• WHAT IS BEING ASKED: Images are not part of the copy; write out the rest of the data exactly as given.

• DATASET EXTRACT:
* * *
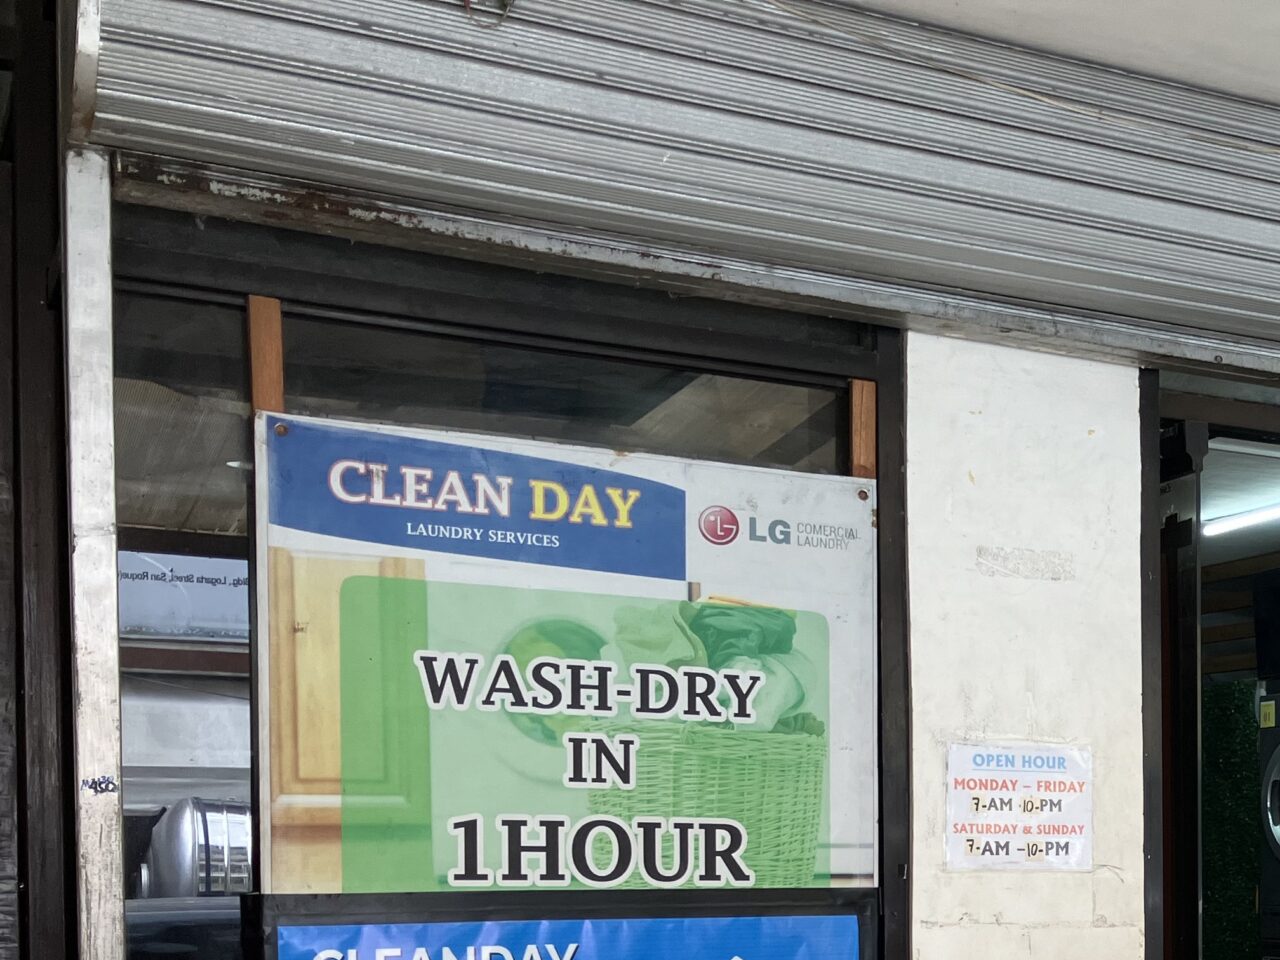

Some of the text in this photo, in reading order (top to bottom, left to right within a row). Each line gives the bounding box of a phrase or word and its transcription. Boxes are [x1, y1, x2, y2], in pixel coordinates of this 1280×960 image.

[328, 459, 641, 529] CLEAN DAY
[406, 522, 561, 549] LAUNDRY SERVICES
[749, 516, 791, 545] LG
[796, 522, 861, 541] COMERCIAL
[796, 534, 850, 550] LAUNDRY
[417, 653, 763, 721] WASH-DRY
[567, 737, 636, 787] IN
[972, 753, 1067, 770] OPEN HOUR
[953, 778, 1018, 792] MONDAY
[1036, 780, 1086, 793] FRIDAY
[953, 823, 1085, 836] SATURDAY & SUNDAY
[450, 818, 753, 886] 1HOUR
* * *
• RESULT BELOW:
Some of the text in this photo, in reading order (top to bottom, left to right within a row). Each line gives the bounding box of a phrase or word and its transcription. Boxes are [x1, y1, x2, y2], in pixel coordinates of this 1280×960 image.

[328, 459, 641, 529] CLEAN DAY
[406, 522, 561, 549] LAUNDRY SERVICES
[749, 516, 791, 545] LG
[796, 522, 861, 541] COMERCIAL
[796, 534, 850, 550] LAUNDRY
[417, 653, 763, 721] WASH-DRY
[567, 737, 636, 787] IN
[972, 753, 1067, 770] OPEN HOUR
[953, 778, 1018, 792] MONDAY
[1036, 780, 1086, 793] FRIDAY
[953, 823, 1085, 836] SATURDAY & SUNDAY
[450, 818, 753, 886] 1HOUR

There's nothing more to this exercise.